Ms Nankabirwa was interrupted by hecklers during the speech on Tuesday when she said the region would soon be connected to the national grid and that the current demand for power is 11 megawatts which will even be excess.
This incensed some of the locals, mainly the ruling National Resistance Movement (NRM) supporters who booed her, with some, calling the speech a lie and that they are tired of waiting for a stable and reliable power supply.
“The suffering is soon coming to an end because we are building the infrastructures where power will be delivered to the people of West Nile,” she said as people continued to jeer and boo her.
“The blind can even go and see the substations and pylons we are building at Muni and Nebbi that will bring power to this region. Imagine some people cannot believe it. This is not theory and I’m talking practically,” she said.
The Sub-region has been faced with intermittent power supply generated from the 3.5-megawatt dam in Nyagak and power generated from the 8-megawatt generators by Electromaxx Company.
The NRM government which has been in power for nearly 40 years is currently constructing substations of Muni and Nebbi to tap power from Olwiyo substation for distribution.
“I beg for your patience that we shall soon smile,” she continues amid heckles.
Recently, a youthful Metal Fabricator, Mr Alfred Onyuthuwun, of Love and Friendship metal fabrication and welding in Paidha town, said he has lost several customers because he cannot complete orders for doors, gates, and windows in time because of unreliable power supply.
“Adequate power is our strength. But when power is not stable, we become idle and lose income. Feeding, medication and meeting other expenses become difficult. Customers lose trust in us because we cannot deliver their items like doors, deckers, gates and windows, among others. We are crying for stable power,” he said.

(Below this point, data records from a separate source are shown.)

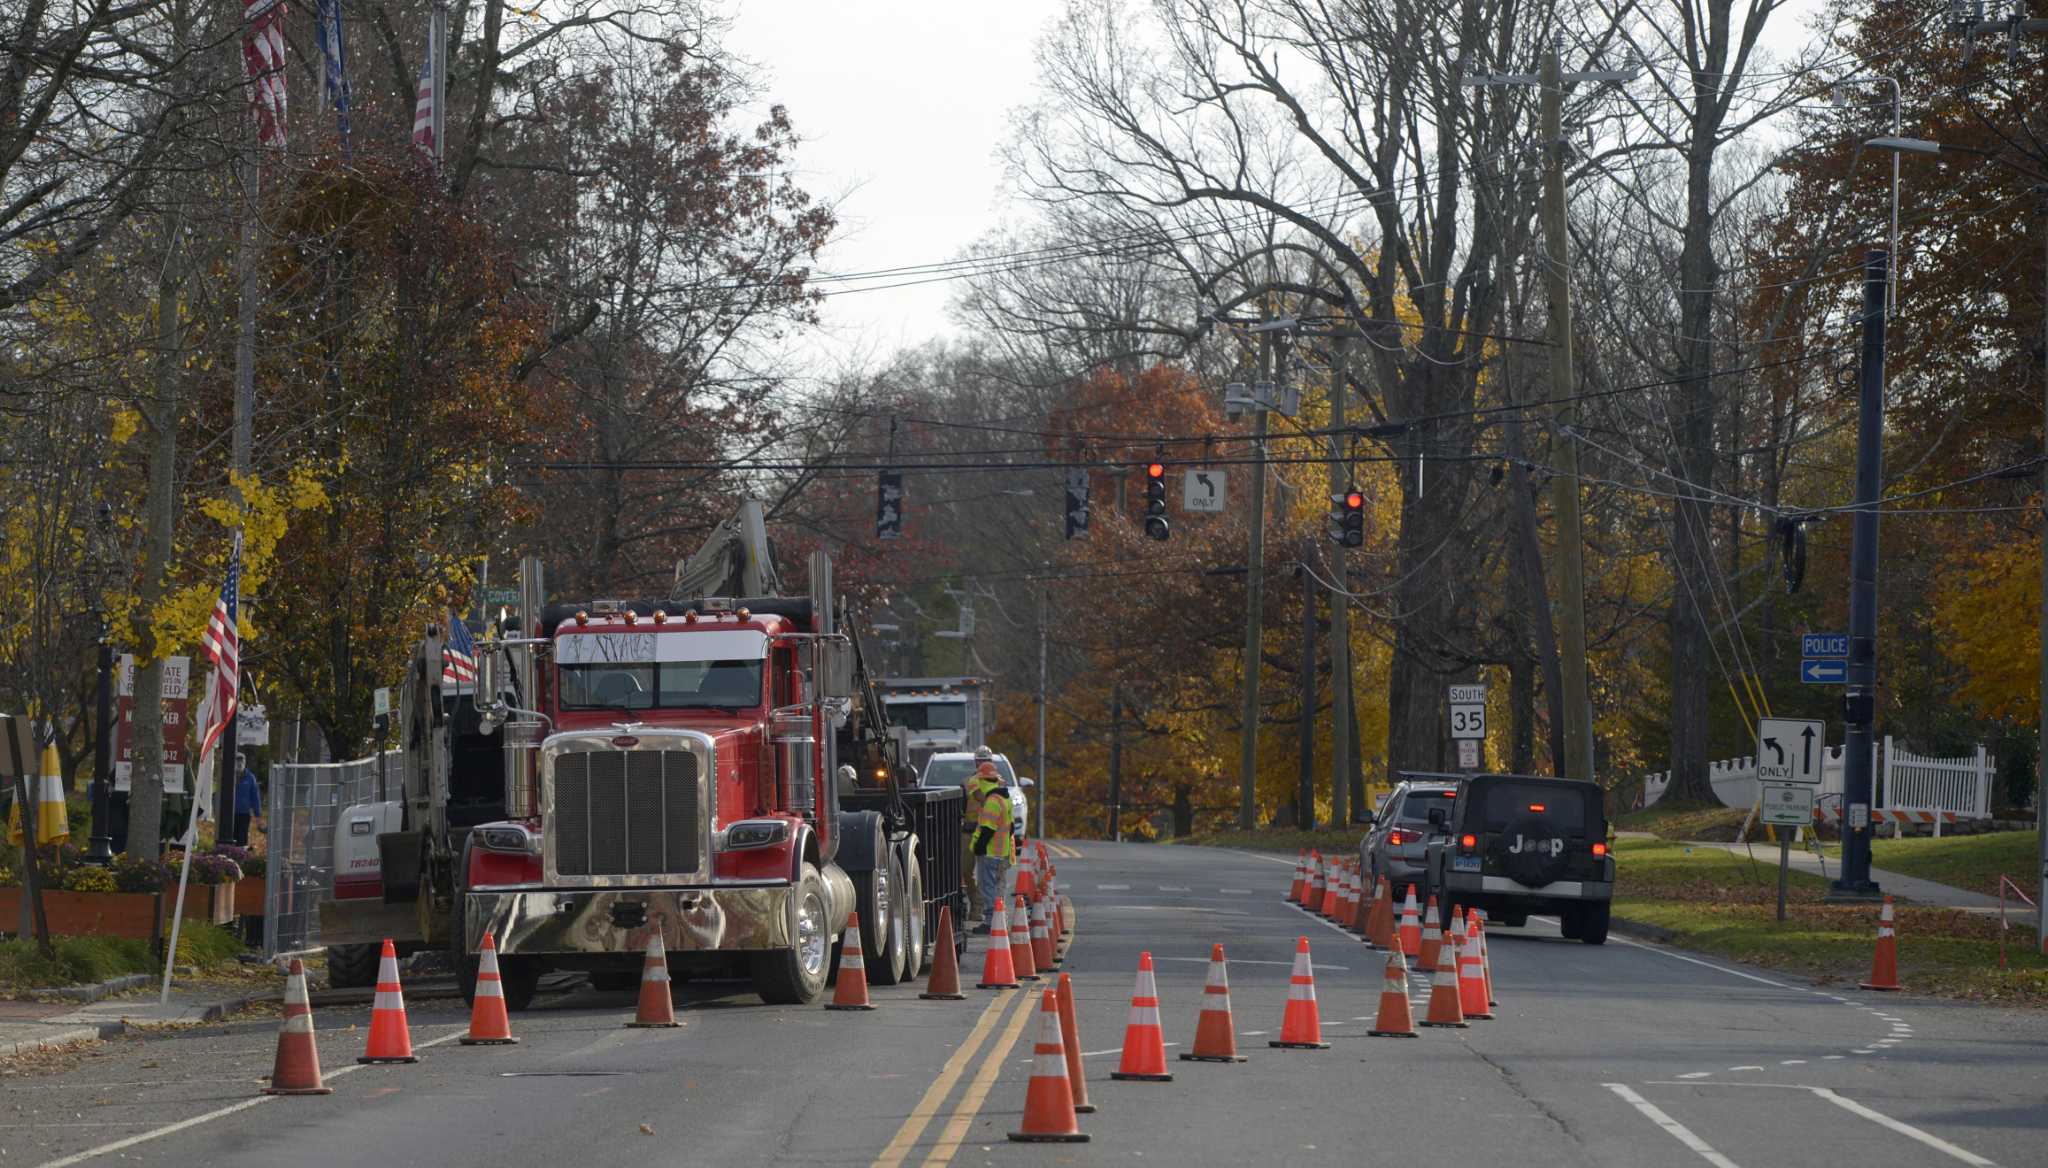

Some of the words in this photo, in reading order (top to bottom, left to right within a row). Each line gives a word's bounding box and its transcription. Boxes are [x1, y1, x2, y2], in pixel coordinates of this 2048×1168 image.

[1192, 498, 1216, 506] ONLY
[1805, 638, 1846, 653] POLICE
[1451, 688, 1484, 700] SOUTH
[1453, 711, 1482, 731] 35
[1760, 766, 1789, 777] ONLY
[1509, 834, 1563, 857] Jeep

Similarly, Ms Brenda Aceng, another trader in Paidha town who deals in salon and boutique business besides selling passion fruits, has lost customers due to frequent and long-hour power outages.
“The generator I have can’t operate machines like fridges, it only helps in lighting and running the saloon. So, when there is no power, it means that there is no business. During the dry season when the weather is hot, how do you expect someone to be taking hot drinks?” Aceng said.
President Museveni has pitched camp in Arua City as he tours West Nile for three days to popularize the Parish Development Model (PDM) and other poverty alleviation programmes which his government that has been in power for nearly 40 years is using as some of the strategies to uplift the lives of Ugandans into the money.